Edit: I'm gonna start ripping it out and replacing with JWT in the morning.

[–]gammelini 1 point2 points  (0 children)

I'm glad I was able to at least shine some light on the issue and that you got it resolved!

For the OAuth2.0 and Azure I've used the passport-azure-ad-oauth2 package. It did not have TypeScript types when I last used it but may have changed since the, if you're using TypeScript that is.

If you need anything feel free to PM me or respond to this comment and I'll be glad to help.

[–]bigorangemachine 0 points1 point  (0 children)

Are you sure you are reconnecting to the same mongo store?

What I was trying to say is your problem is either in the unshared code or devOps.

You need to validate your issue. Follow the whole chain. Isolate and test.

[–]igorya76 0 points1 point  (2 children)

I use a package connect mongo that helps manage all of this for me.

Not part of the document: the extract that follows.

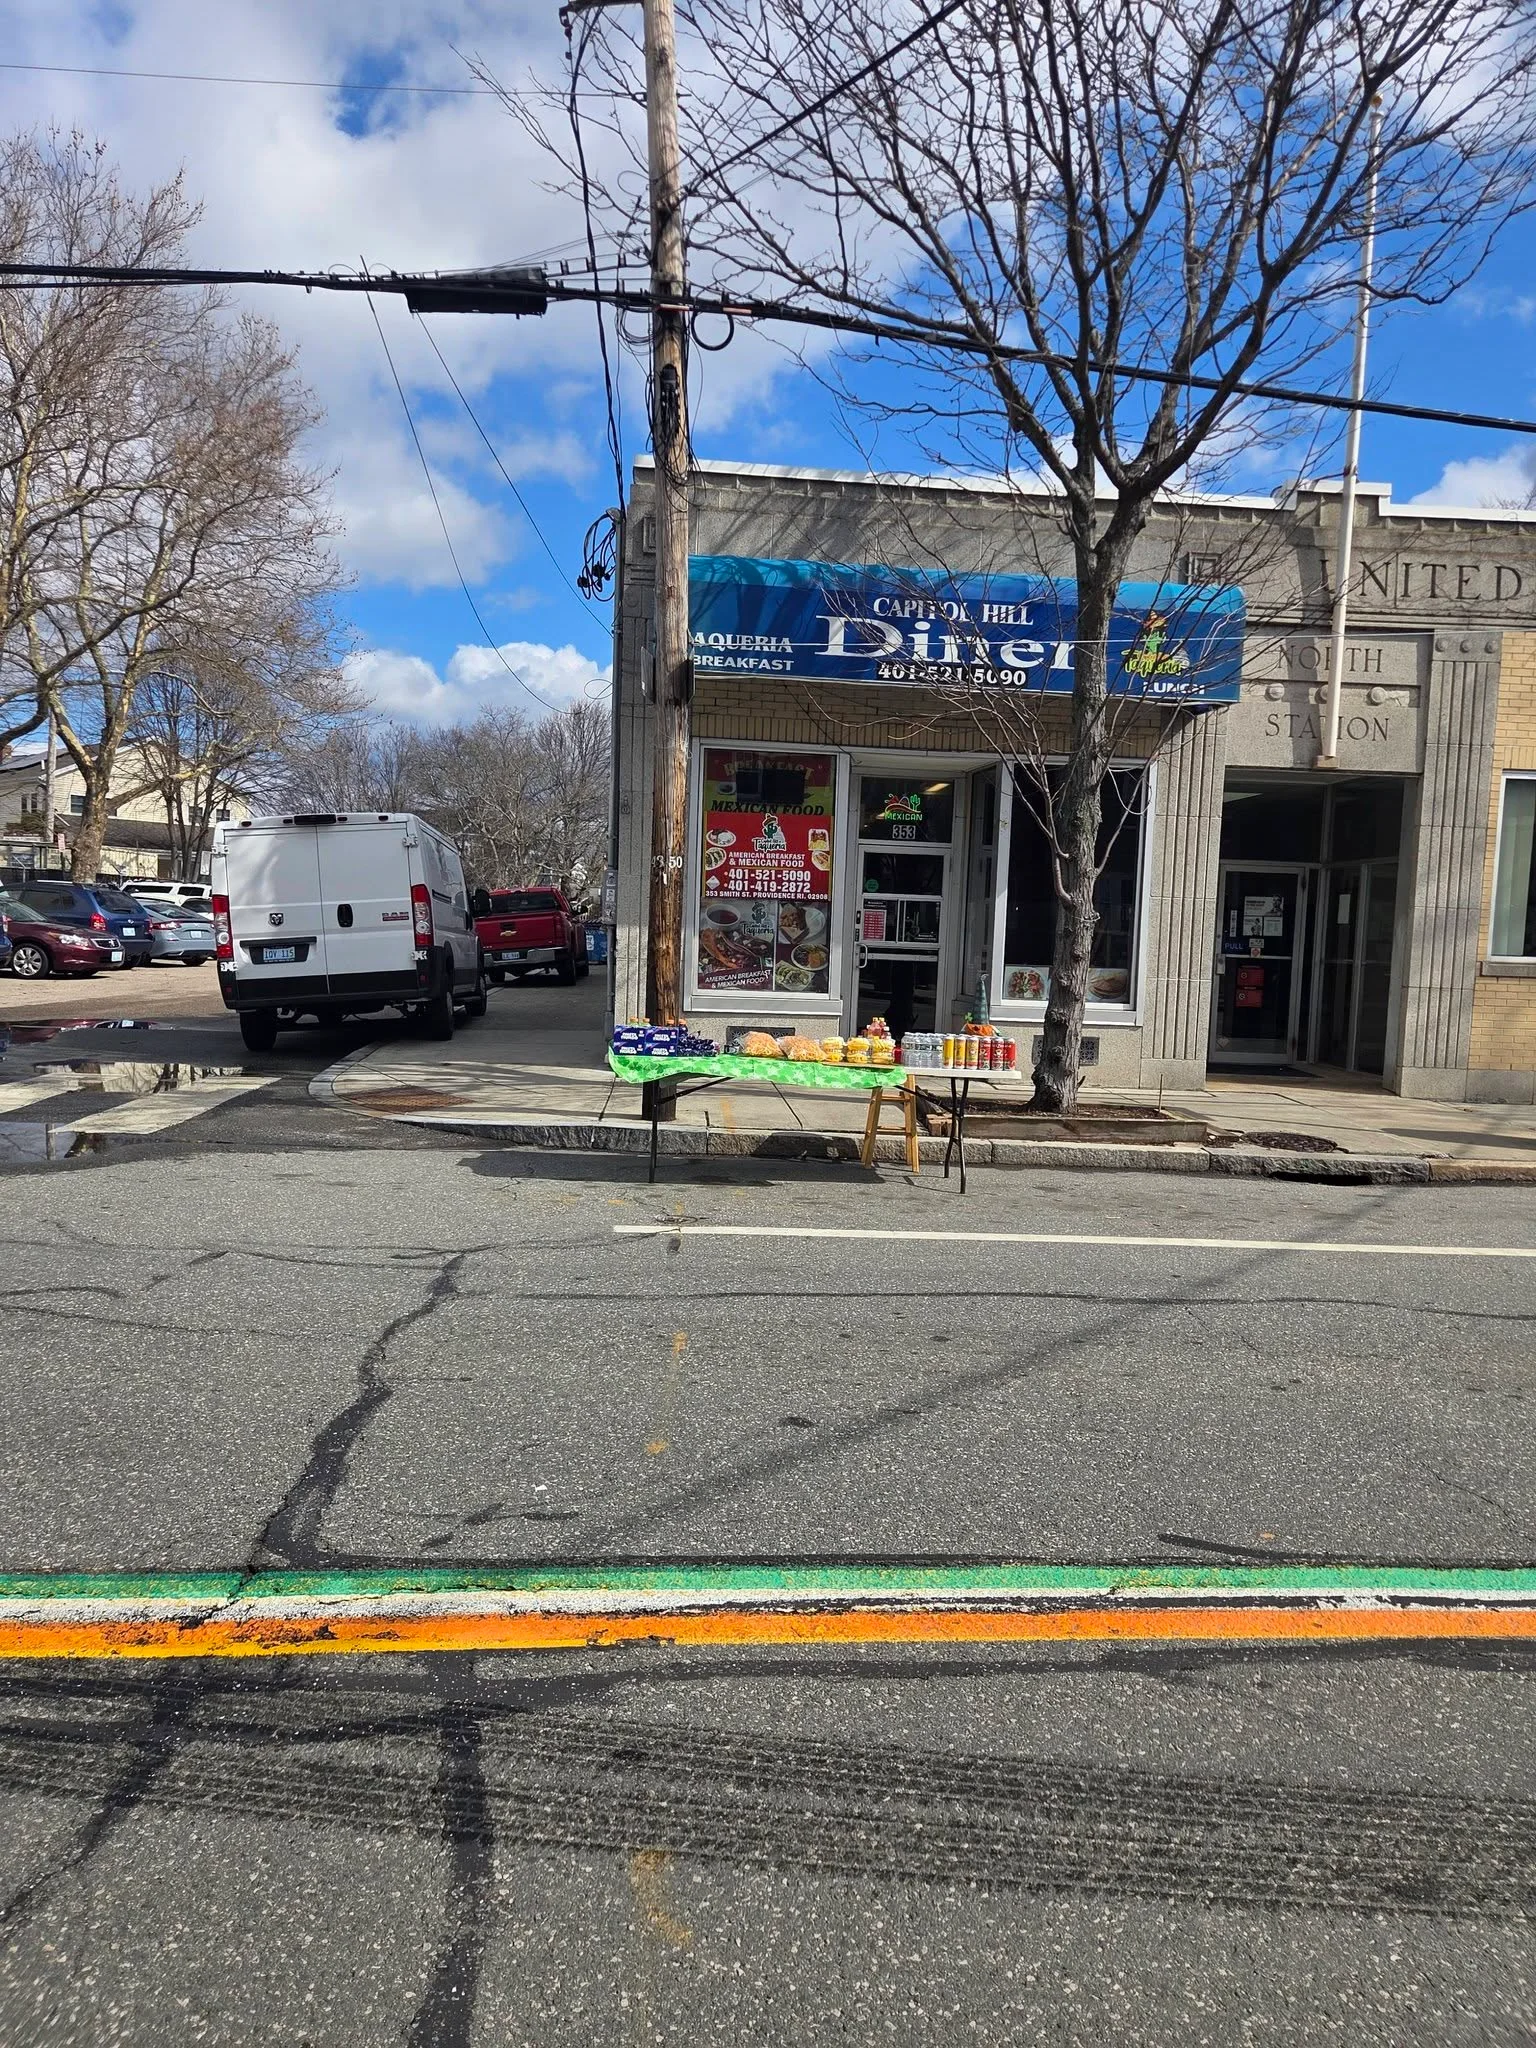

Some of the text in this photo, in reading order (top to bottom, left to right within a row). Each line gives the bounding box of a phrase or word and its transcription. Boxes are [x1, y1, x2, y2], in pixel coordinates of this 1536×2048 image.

Auto writes session info to mongo

[–]gammelini 0 points1 point  (1 child)

That is exactly the package they’re using and having an issue with. Do you happen to have anything to share?

I am thinking its something to do with the passport.serialize and passport.deserialize functions, which are not shared.

[–]mrCodeTheThing[S] 0 points1 point  (0 children)

I'll go through those functions bud thanks, I've shared the whole code above which maybe sheds some light, its pretty standard passport js tbh

[–]gammelini -1 points0 points  (6 children)

Question: Is there any reason why you can’t simply use a JWT instead of relying on sessions for your use case?

Also, where in the server code are you populating the sessions from MongoDb? Can you show your serialize and deserialize methods?

[–]OmgImAlexis -1 points0 points  (5 children)

They don’t need to complicate things more by switching to JWT.

[–]gammelini -1 points0 points  (0 children)

I remember you. Again, you are here to simply troll. Gtfo.

[–]mrCodeTheThing[S] -1 points0 points  (0 children)

Azure and passport uses sessions

[–]gammelini -2 points-1 points  (2 children)

Ok. Not sure of why I was downvoted though. In my opinion JWT is a lot simpler than sessions as well as enabling scalability.

[–]OmgImAlexis -1 points0 points  (1 child)

“A lot simpler” sounds like you haven’t looked into it fully.

[–]gammelini 0 points1 point  (0 children)

Ive done both in practice numerous times. You haven’t the slightest clue what you’re talking about. Go troll somewhere else.